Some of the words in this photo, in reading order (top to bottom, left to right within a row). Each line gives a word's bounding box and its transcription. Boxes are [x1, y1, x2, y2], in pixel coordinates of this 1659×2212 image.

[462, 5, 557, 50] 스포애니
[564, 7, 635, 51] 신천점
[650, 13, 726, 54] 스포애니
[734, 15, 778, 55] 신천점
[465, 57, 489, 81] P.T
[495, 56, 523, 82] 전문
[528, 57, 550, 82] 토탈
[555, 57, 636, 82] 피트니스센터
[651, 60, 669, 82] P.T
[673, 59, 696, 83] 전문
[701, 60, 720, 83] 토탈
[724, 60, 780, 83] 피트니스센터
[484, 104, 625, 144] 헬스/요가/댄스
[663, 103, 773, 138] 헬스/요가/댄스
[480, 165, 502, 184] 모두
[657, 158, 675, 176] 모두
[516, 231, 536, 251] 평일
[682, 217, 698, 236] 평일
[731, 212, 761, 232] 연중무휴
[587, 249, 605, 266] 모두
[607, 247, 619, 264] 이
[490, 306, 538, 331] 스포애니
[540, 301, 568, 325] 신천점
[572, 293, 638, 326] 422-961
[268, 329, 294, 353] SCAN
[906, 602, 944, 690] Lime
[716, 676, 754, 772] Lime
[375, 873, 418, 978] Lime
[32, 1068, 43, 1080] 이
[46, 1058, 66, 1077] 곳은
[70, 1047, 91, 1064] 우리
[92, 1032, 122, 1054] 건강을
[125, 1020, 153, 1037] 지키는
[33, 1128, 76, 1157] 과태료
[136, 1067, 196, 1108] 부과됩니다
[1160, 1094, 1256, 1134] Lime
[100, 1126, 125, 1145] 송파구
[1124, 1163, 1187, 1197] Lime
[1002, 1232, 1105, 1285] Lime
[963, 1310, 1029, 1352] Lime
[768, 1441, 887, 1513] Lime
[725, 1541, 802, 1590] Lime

════════

### REQUIRED WORK
Every entry, written out exactly, is what the response should contain.

### FINISHED TASK
Some of the words in this photo, in reading order (top to bottom, left to right within a row). Each line gives a word's bounding box and its transcription. Boxes are [x1, y1, x2, y2], in pixel coordinates of this 1659×2212 image.

[462, 5, 557, 50] 스포애니
[564, 7, 635, 51] 신천점
[650, 13, 726, 54] 스포애니
[734, 15, 778, 55] 신천점
[465, 57, 489, 81] P.T
[495, 56, 523, 82] 전문
[528, 57, 550, 82] 토탈
[555, 57, 636, 82] 피트니스센터
[651, 60, 669, 82] P.T
[673, 59, 696, 83] 전문
[701, 60, 720, 83] 토탈
[724, 60, 780, 83] 피트니스센터
[484, 104, 625, 144] 헬스/요가/댄스
[663, 103, 773, 138] 헬스/요가/댄스
[480, 165, 502, 184] 모두
[657, 158, 675, 176] 모두
[516, 231, 536, 251] 평일
[682, 217, 698, 236] 평일
[731, 212, 761, 232] 연중무휴
[587, 249, 605, 266] 모두
[607, 247, 619, 264] 이
[490, 306, 538, 331] 스포애니
[540, 301, 568, 325] 신천점
[572, 293, 638, 326] 422-961
[268, 329, 294, 353] SCAN
[906, 602, 944, 690] Lime
[716, 676, 754, 772] Lime
[375, 873, 418, 978] Lime
[32, 1068, 43, 1080] 이
[46, 1058, 66, 1077] 곳은
[70, 1047, 91, 1064] 우리
[92, 1032, 122, 1054] 건강을
[125, 1020, 153, 1037] 지키는
[33, 1128, 76, 1157] 과태료
[136, 1067, 196, 1108] 부과됩니다
[1160, 1094, 1256, 1134] Lime
[100, 1126, 125, 1145] 송파구
[1124, 1163, 1187, 1197] Lime
[1002, 1232, 1105, 1285] Lime
[963, 1310, 1029, 1352] Lime
[768, 1441, 887, 1513] Lime
[725, 1541, 802, 1590] Lime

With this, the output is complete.